This extraordinary debut novel by a then unknown author called for an unusual approach to a cover. We considered a photograph of two leaping boys, but the Crow loomed large, and I couldn’t help but think of the drawings by Baskin for Ted Hughes. Hughes’ Crow is integral to Porter’s novel, and the title itself is a literary reference to a poem by Emily Dickinson, so a layered visual reference seemed appropriate.

Different crow illustrations from literature

I drew any number of crows before settling on a bulky profile. I made lots of sketches – some that were more realistic, others developed from smudges. For the original hardback jacket, the crow stands on the title, its weight pressing down on the ‘GR’ of ‘grief’, its beak open, animated in its pose, as though hurling words off the page. The type itself is a reference to Faber design history, using Wolpe’s Albertus typeface.

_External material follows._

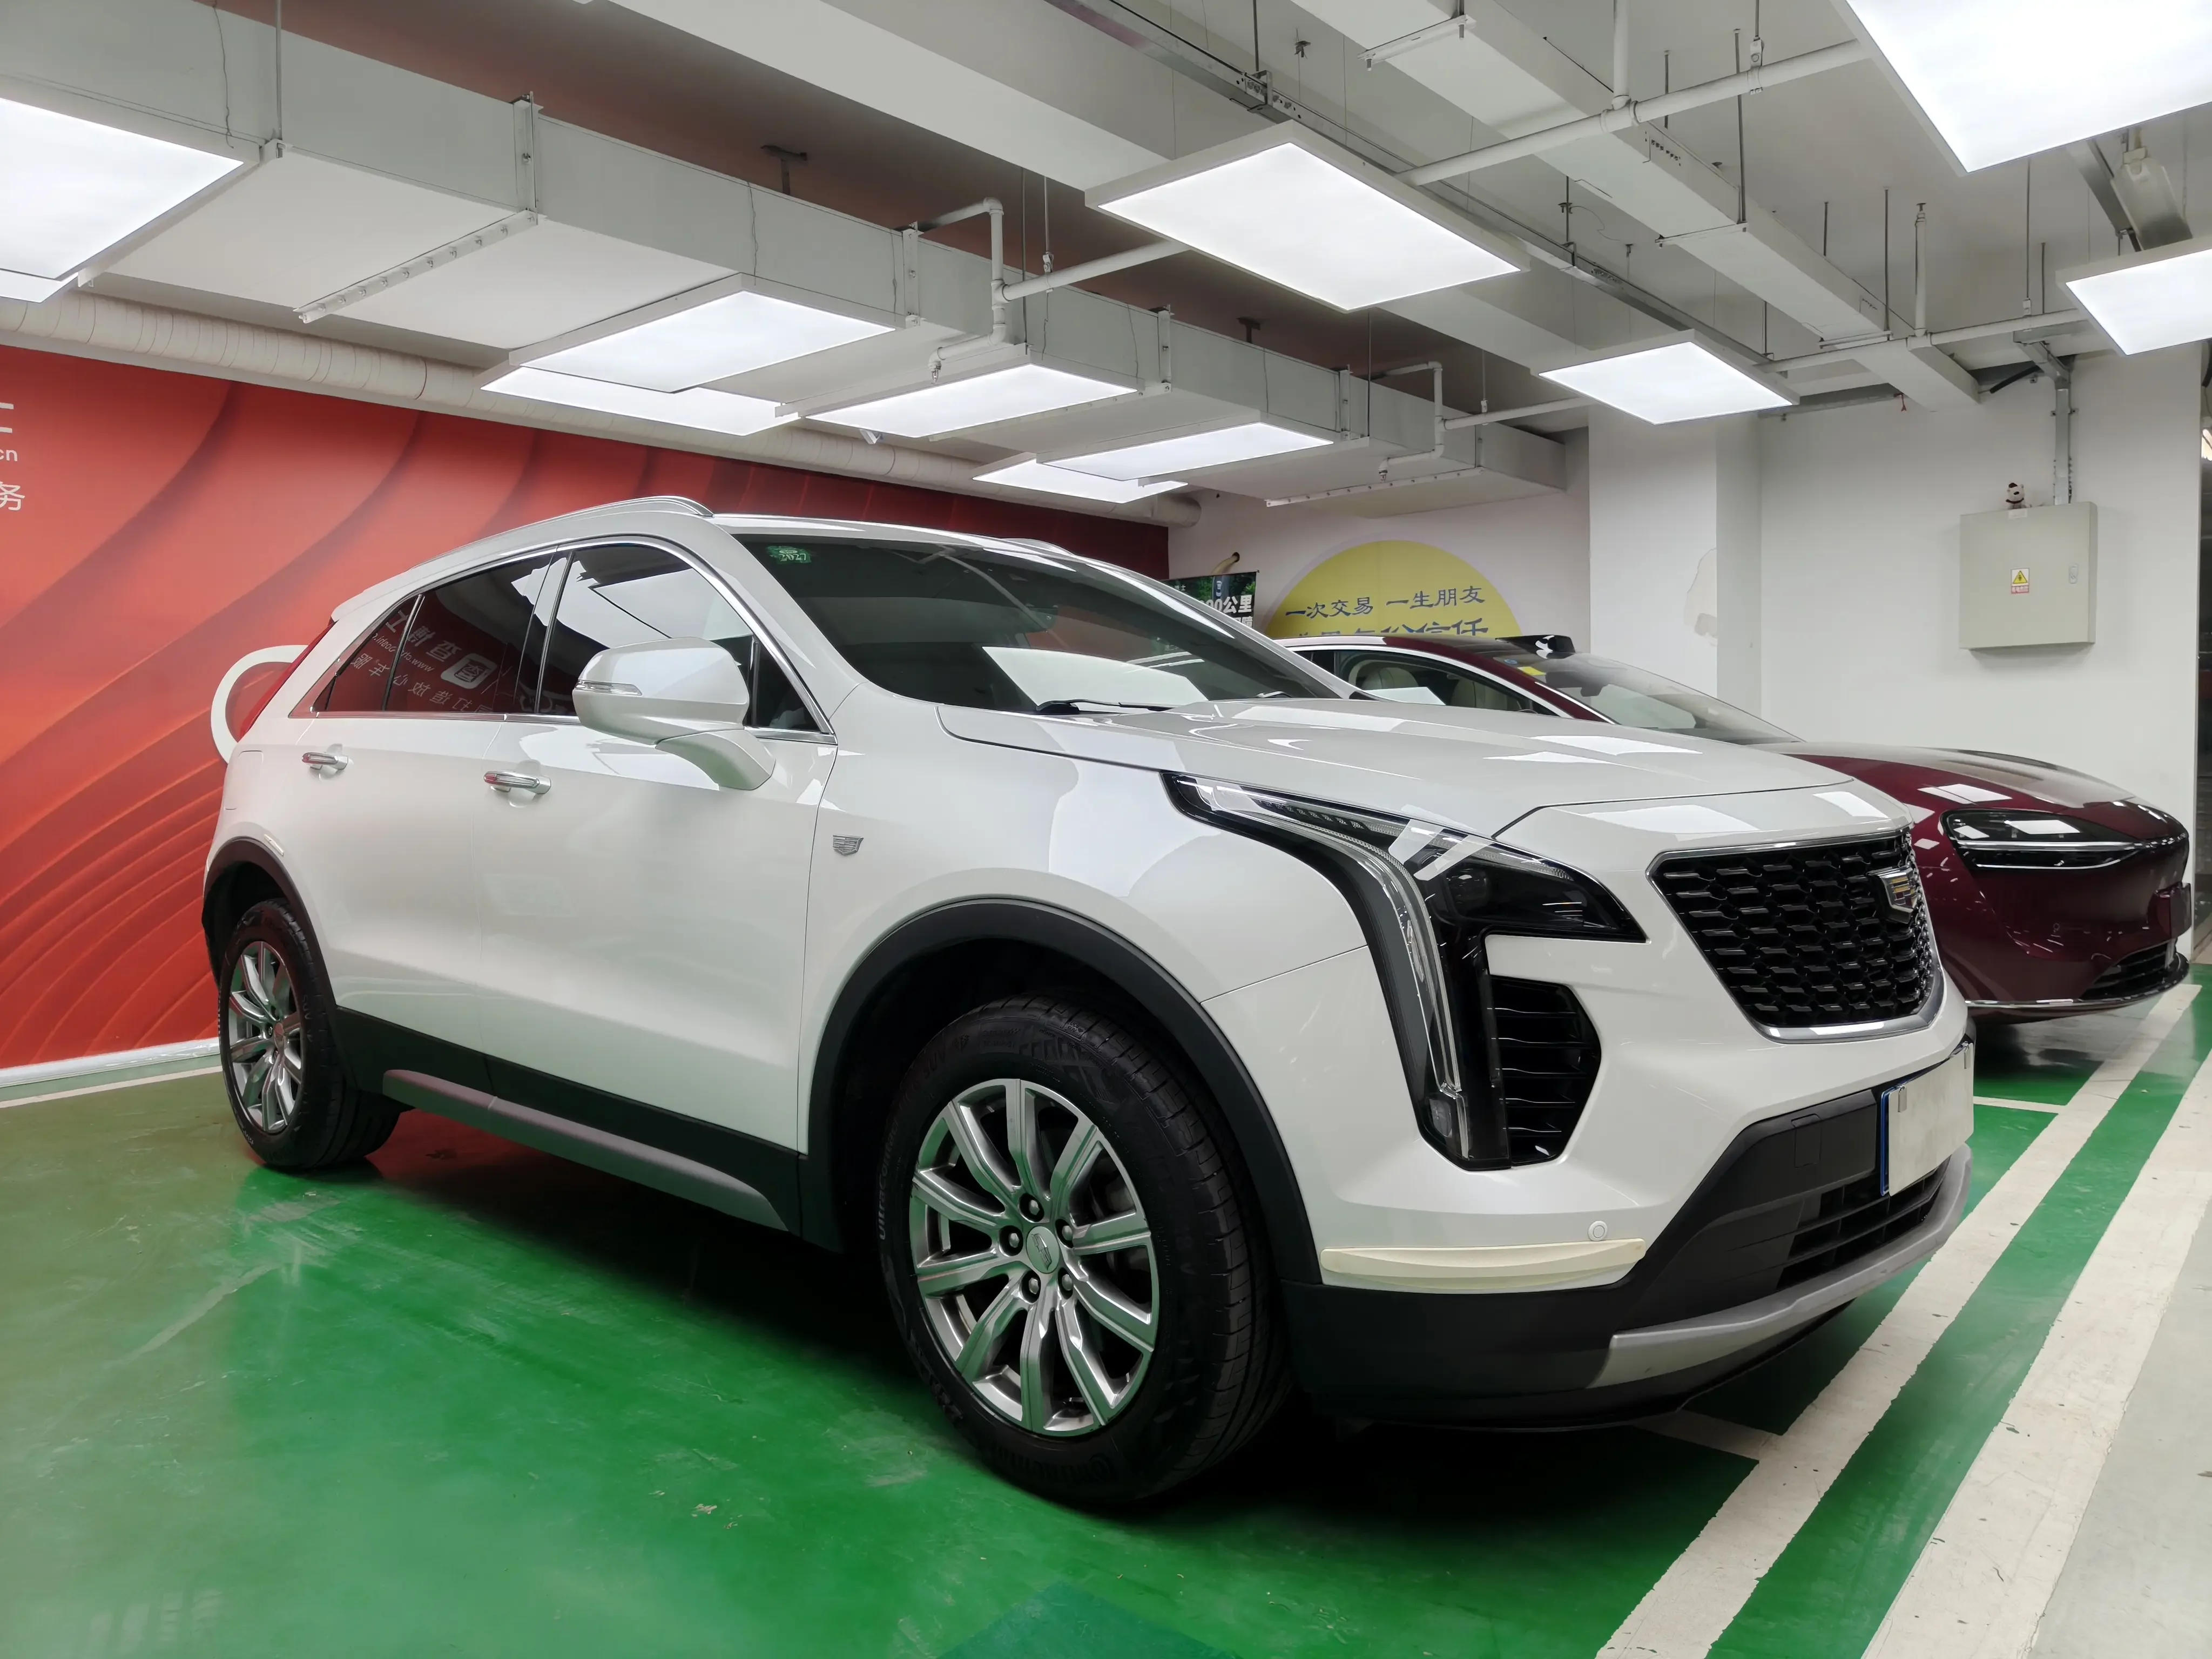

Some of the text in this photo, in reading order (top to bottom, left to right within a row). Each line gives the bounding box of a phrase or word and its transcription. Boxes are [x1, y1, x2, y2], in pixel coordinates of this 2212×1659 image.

Max Porter's Grief Is the Thing with Feathers

For the paperback edition, we wanted to revisit the crow, but in a different layout. I scaled it up and wrapped it around the cover. To accommodate the (deservedly) copious quotes that had poured in from the book’s first publication, I scratched and hand-rendered all the lettering to flow around the bulky form of the crow, as though the giant, reeking, cantankerous, talking black crow pulled letters and feathers in its wake – as though it had scrawled them itself.

Max Porter's Grief Is the Thing with Feathers

For the new Faber Members’ edition, I used another of my drawings – this time of the crow standing in a different pose, as though it is listening, or about to strike the ground with its huge, heavy beak. I positioned the type at the top – legible in its white space, but this time not interacting with the crow. Here the crow takes prominence, wrapping around the clothbound cover, with just a single feather and a hand-lettered quote on the back.

Max Porter's Grief Is the Thing with Feathers

To achieve the wonky crow-drawn lettering, I write in reverse, backwards, upside-down and sometimes with my other hand.

Sheet from Max Porter's Grief Is the Thing with Feathers

This Faber Members’ edition allowed for a printed endpaper design (they are a plain dark blue in the original hardback) and I took great delight in devising a whirl of feathers, smudges and lettering that cascaded down the page and across the central gutter – an area normally avoided for legibility reasons.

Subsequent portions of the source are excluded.